Write out the entire listing below exactly, with the pictures left out.
_ _ _ _
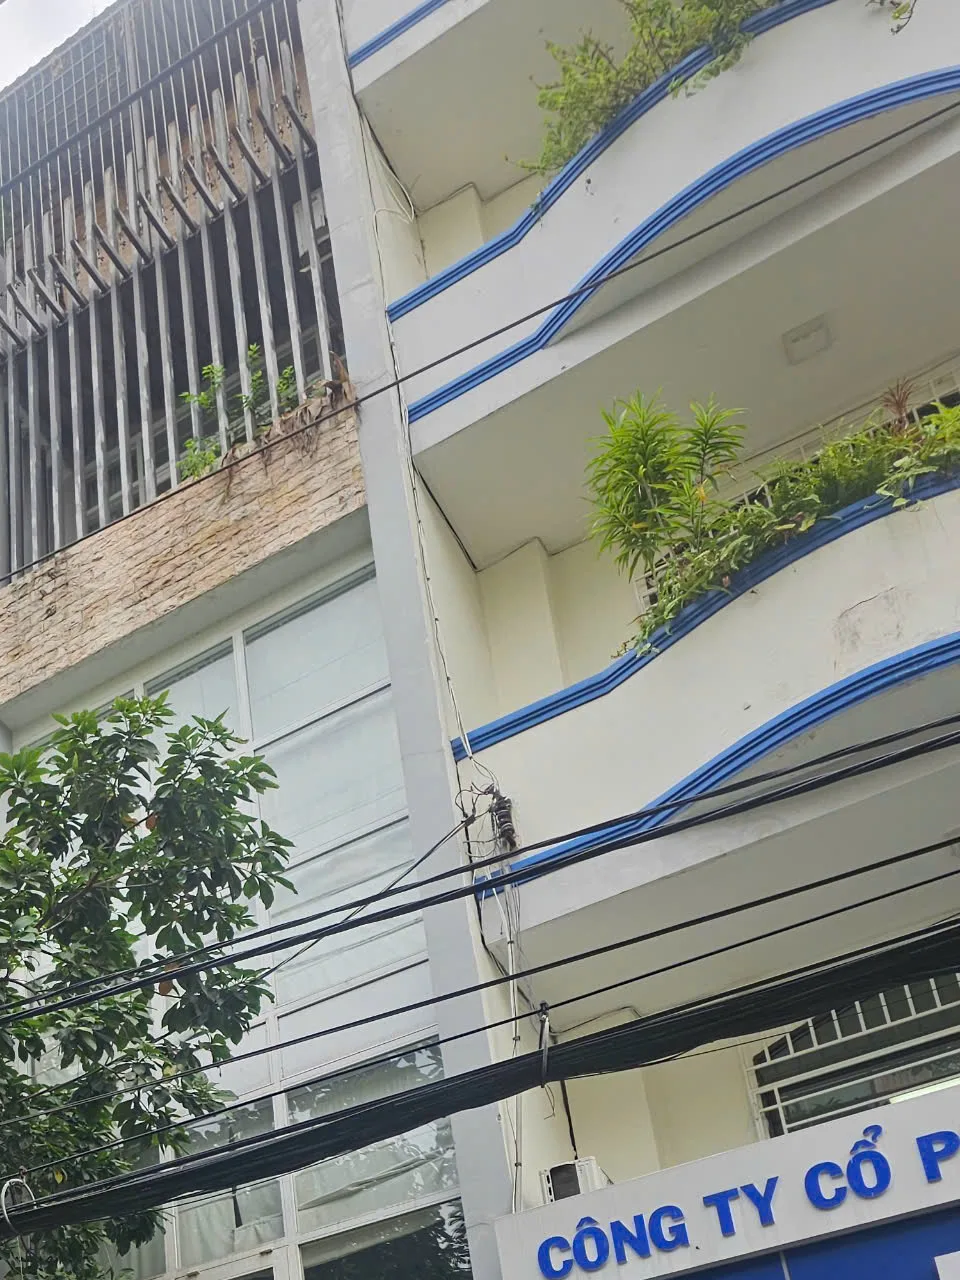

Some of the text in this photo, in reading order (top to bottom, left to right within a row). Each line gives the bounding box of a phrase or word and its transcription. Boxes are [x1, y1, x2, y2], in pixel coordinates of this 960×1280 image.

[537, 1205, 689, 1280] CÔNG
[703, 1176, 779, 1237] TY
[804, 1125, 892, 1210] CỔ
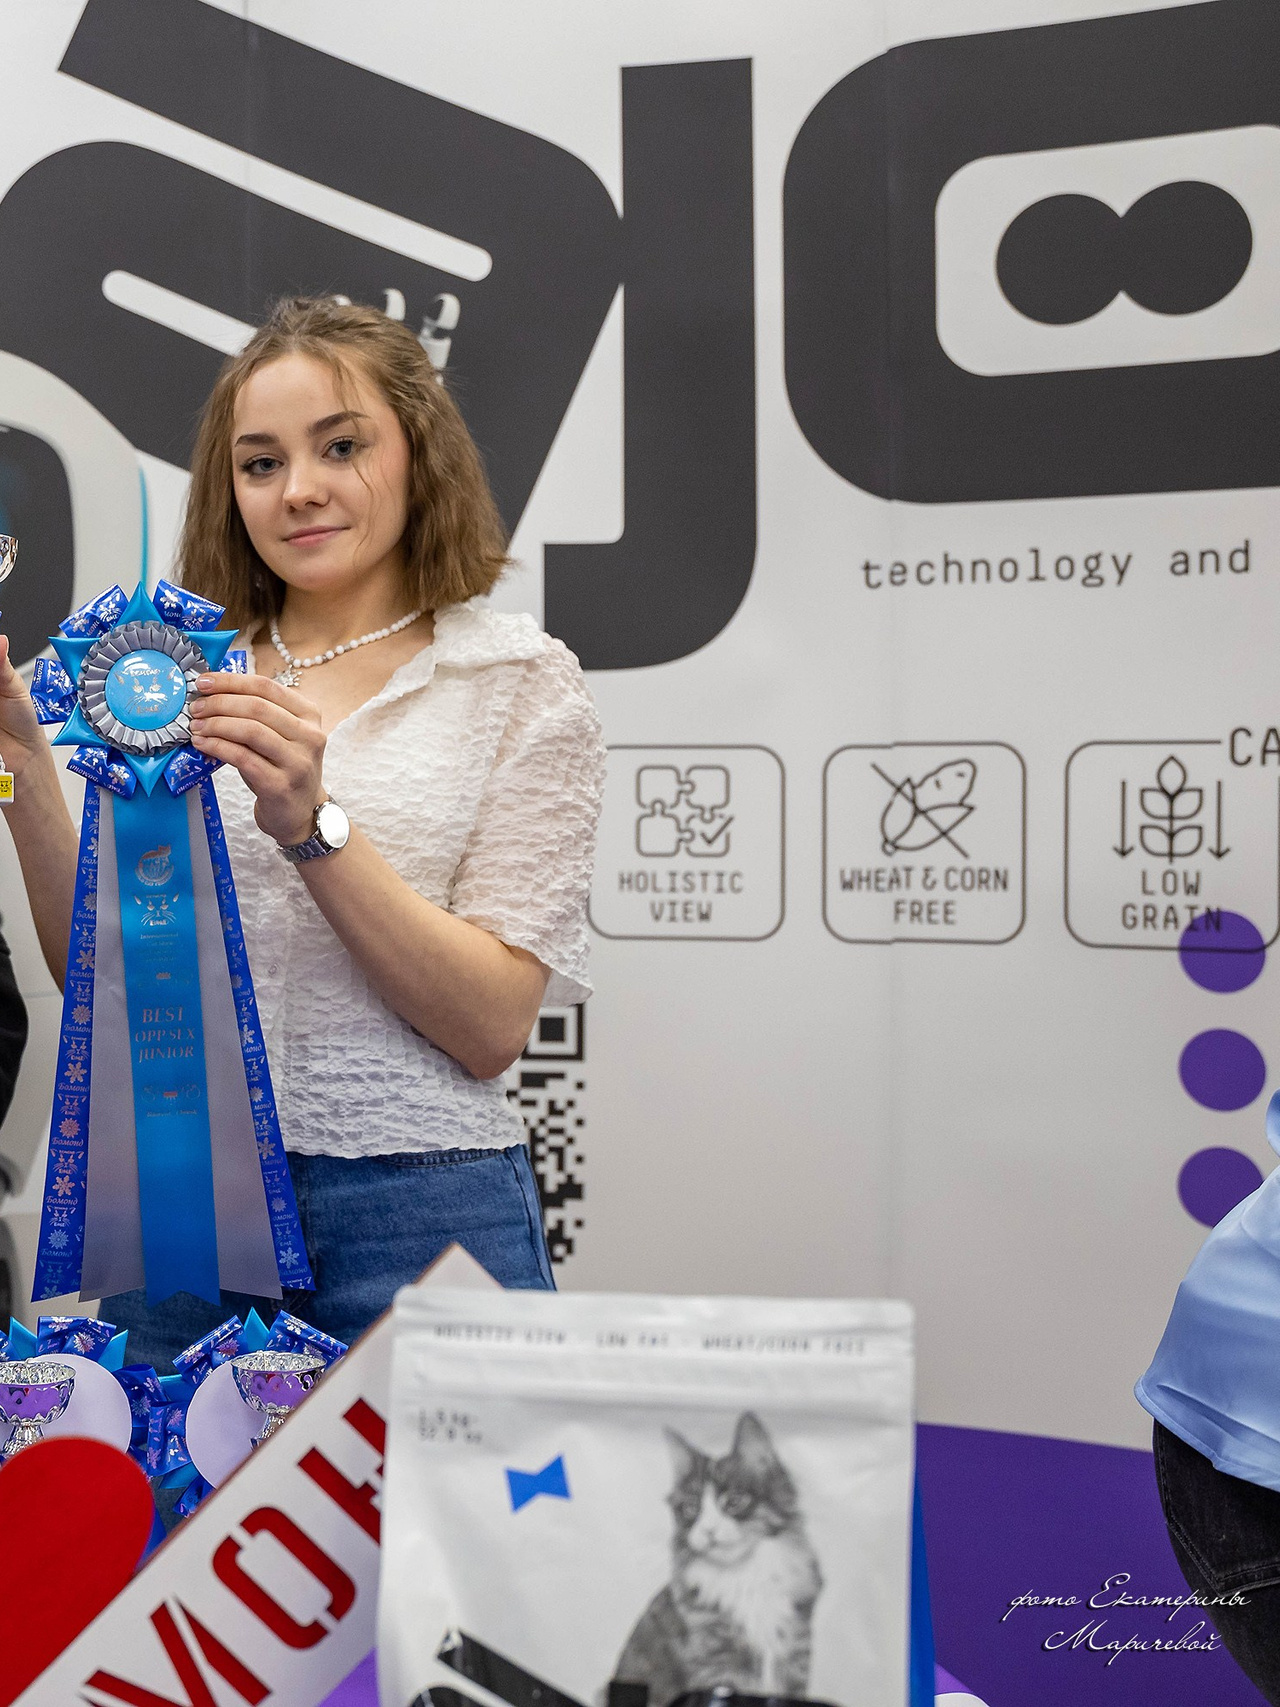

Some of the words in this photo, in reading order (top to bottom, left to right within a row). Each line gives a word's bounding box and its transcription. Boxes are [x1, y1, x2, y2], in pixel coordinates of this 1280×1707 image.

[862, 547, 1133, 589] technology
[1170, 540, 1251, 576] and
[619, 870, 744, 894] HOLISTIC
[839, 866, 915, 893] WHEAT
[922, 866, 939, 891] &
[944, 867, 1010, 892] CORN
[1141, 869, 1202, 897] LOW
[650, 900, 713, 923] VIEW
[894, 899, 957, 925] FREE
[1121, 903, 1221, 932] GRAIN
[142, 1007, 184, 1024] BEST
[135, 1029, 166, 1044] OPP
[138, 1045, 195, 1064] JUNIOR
_ _ _ _
# Solution to the problem:
Some of the text in this photo, in reading order (top to bottom, left to right within a row). Each line gives the bounding box of a phrase or word and its transcription. Boxes are [x1, y1, x2, y2], in pixel coordinates of this 960×1280 image.

[537, 1205, 689, 1280] CÔNG
[703, 1176, 779, 1237] TY
[804, 1125, 892, 1210] CỔ

Some of the words in this photo, in reading order (top to bottom, left to right within a row). Each line gives a word's bounding box and its transcription. Boxes are [x1, y1, x2, y2], in pixel coordinates of this 1280×1707 image.

[862, 547, 1133, 589] technology
[1170, 540, 1251, 576] and
[619, 870, 744, 894] HOLISTIC
[839, 866, 915, 893] WHEAT
[922, 866, 939, 891] &
[944, 867, 1010, 892] CORN
[1141, 869, 1202, 897] LOW
[650, 900, 713, 923] VIEW
[894, 899, 957, 925] FREE
[1121, 903, 1221, 932] GRAIN
[142, 1007, 184, 1024] BEST
[135, 1029, 166, 1044] OPP
[138, 1045, 195, 1064] JUNIOR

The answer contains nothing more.